EXERCISE GOAL ::
Print the entries exactly as they appear, and omit any images.

SUPPLIED RECORDS ::
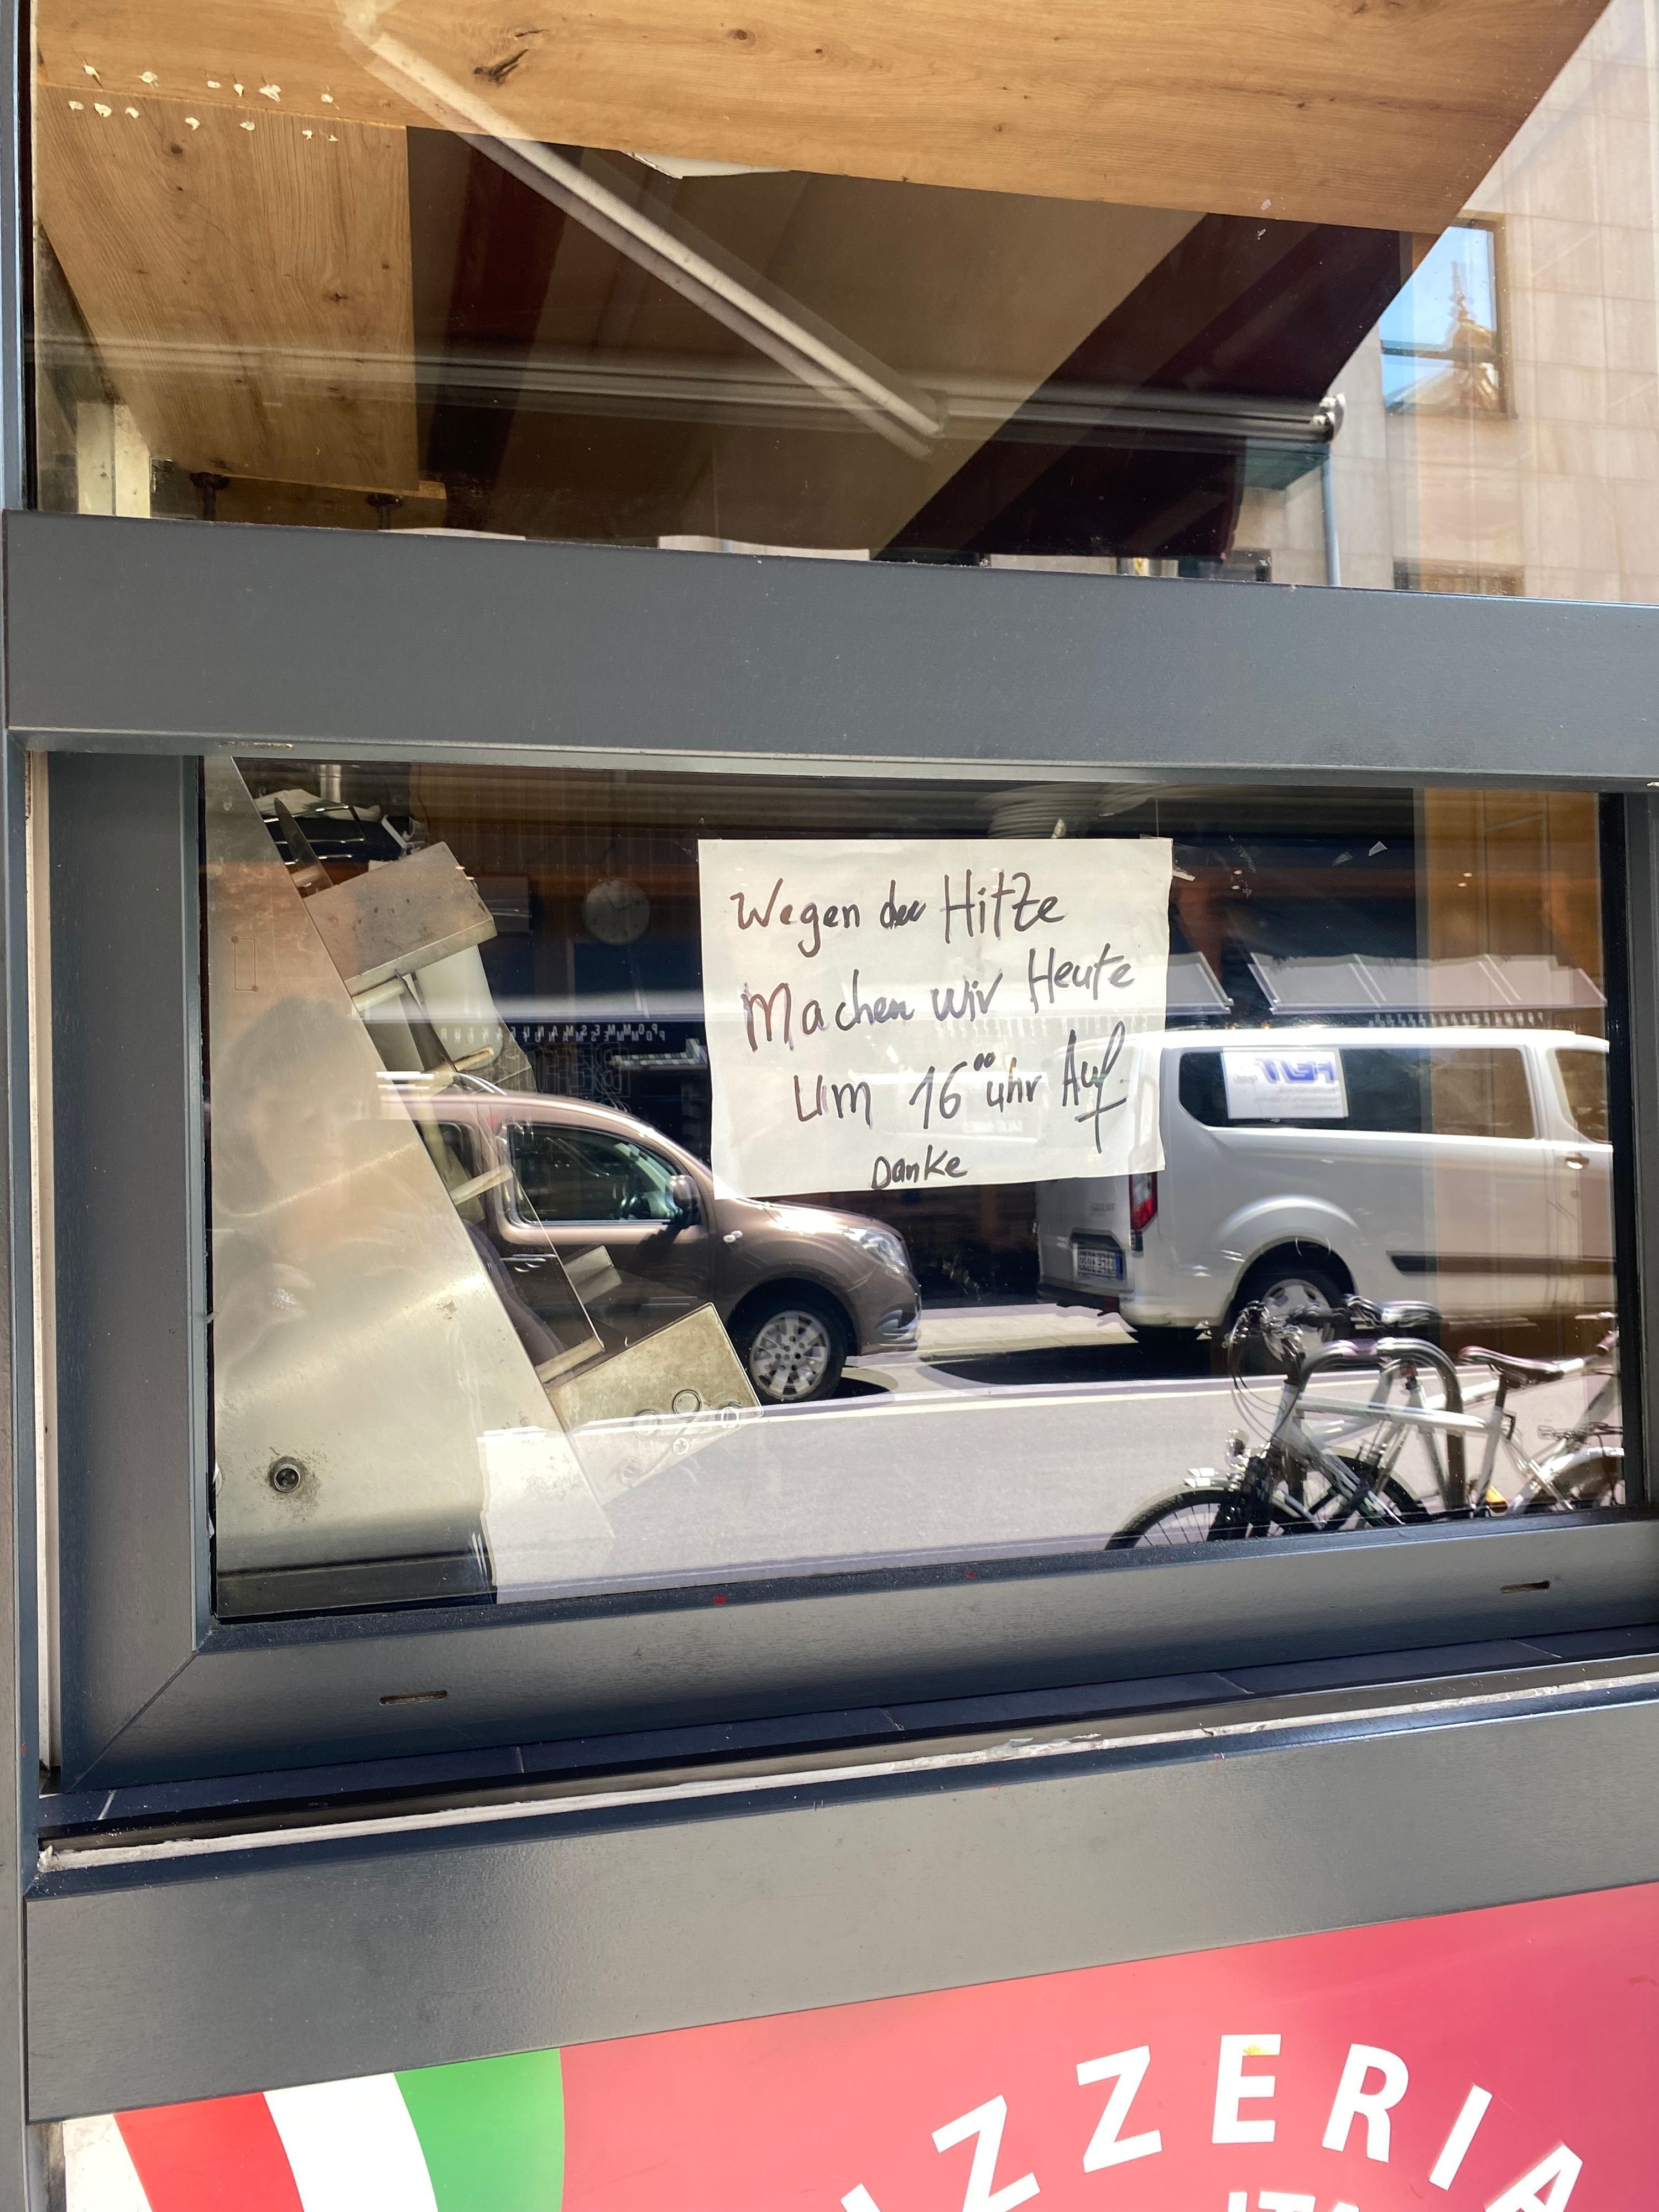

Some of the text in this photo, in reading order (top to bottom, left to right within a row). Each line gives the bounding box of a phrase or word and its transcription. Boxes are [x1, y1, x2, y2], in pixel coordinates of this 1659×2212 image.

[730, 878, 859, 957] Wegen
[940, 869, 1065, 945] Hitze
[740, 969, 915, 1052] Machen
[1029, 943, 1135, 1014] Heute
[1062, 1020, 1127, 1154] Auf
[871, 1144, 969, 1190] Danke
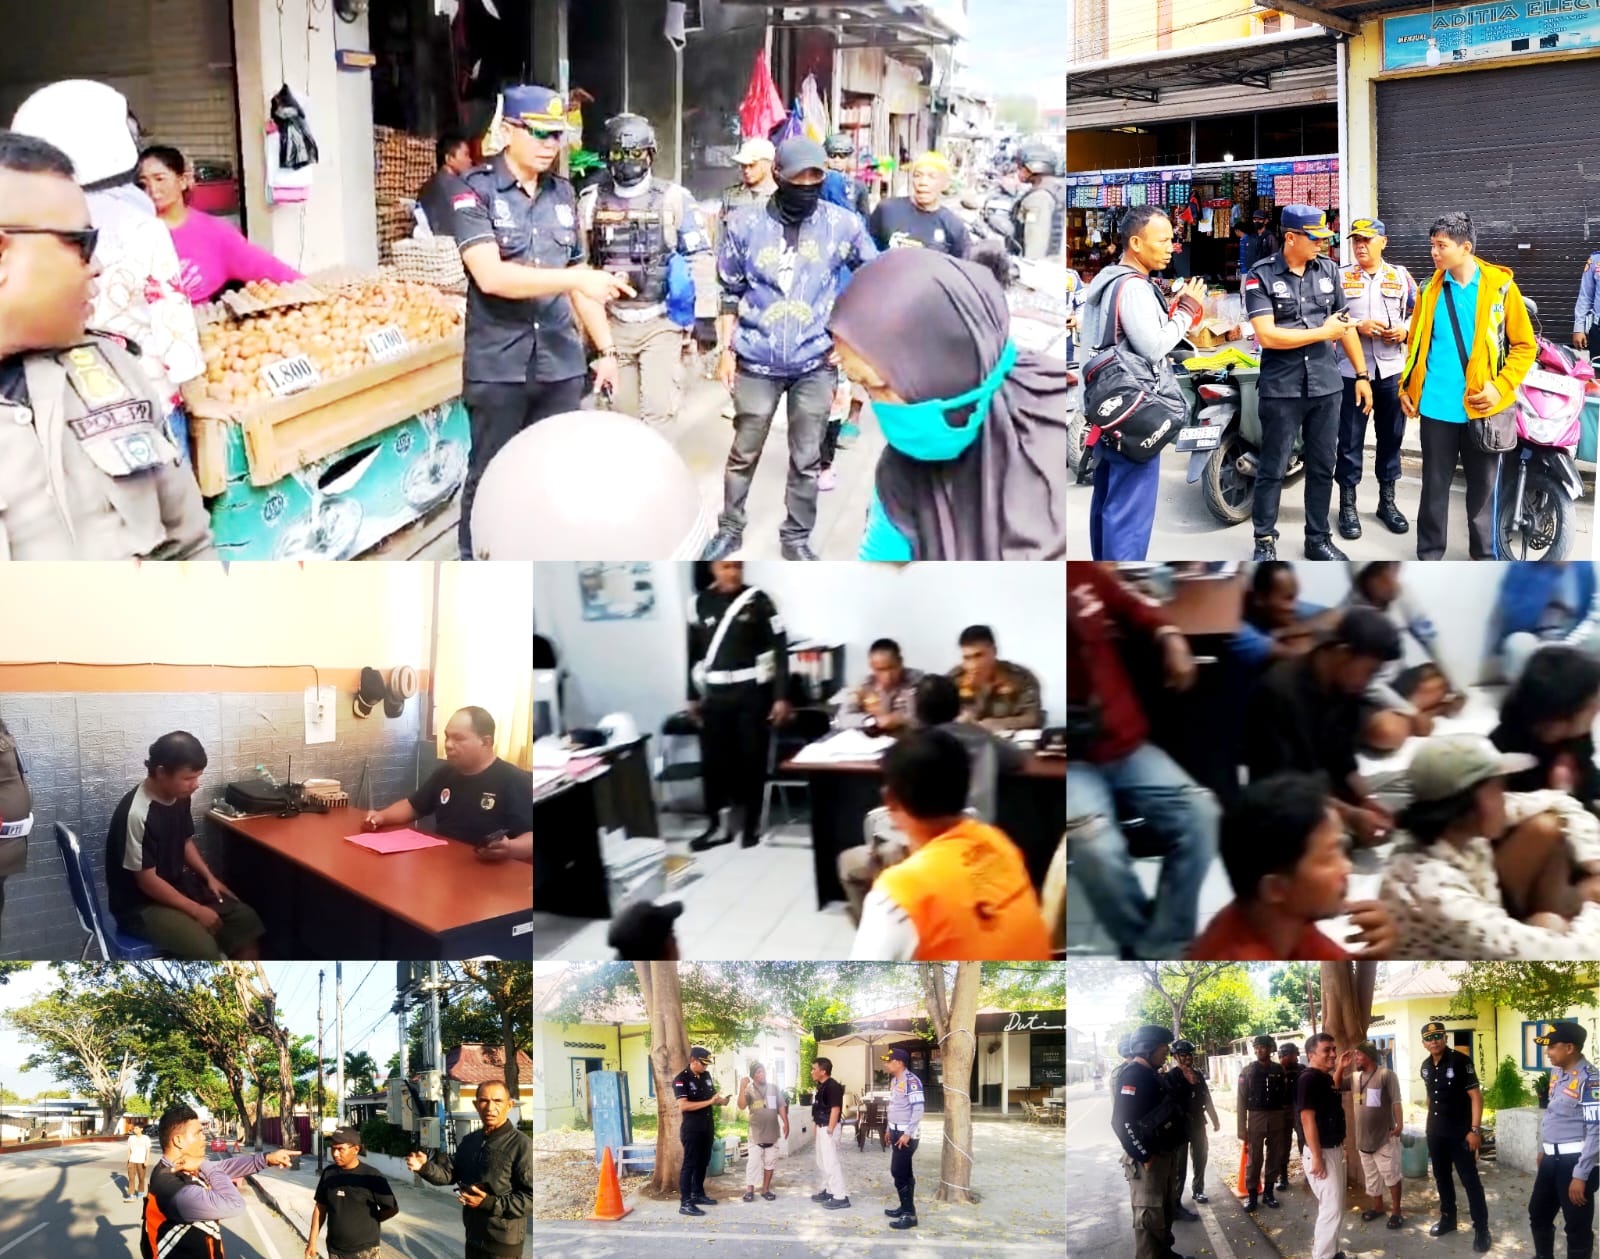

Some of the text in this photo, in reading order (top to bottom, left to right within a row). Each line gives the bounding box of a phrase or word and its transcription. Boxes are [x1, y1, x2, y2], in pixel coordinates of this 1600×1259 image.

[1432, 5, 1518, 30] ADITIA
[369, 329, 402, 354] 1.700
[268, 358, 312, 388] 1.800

RESPONSE TO THE TASK ::
Some of the text in this photo, in reading order (top to bottom, left to right within a row). Each line gives the bounding box of a phrase or word and its transcription. Boxes are [x1, y1, x2, y2], in pixel coordinates of this 1659×2212 image.

[730, 878, 859, 957] Wegen
[940, 869, 1065, 945] Hitze
[740, 969, 915, 1052] Machen
[1029, 943, 1135, 1014] Heute
[1062, 1020, 1127, 1154] Auf
[871, 1144, 969, 1190] Danke

Some of the text in this photo, in reading order (top to bottom, left to right within a row). Each line gives the bounding box of a phrase or word and its transcription. Boxes are [x1, y1, x2, y2], in pixel coordinates of this 1600×1259 image.

[1432, 5, 1518, 30] ADITIA
[369, 329, 402, 354] 1.700
[268, 358, 312, 388] 1.800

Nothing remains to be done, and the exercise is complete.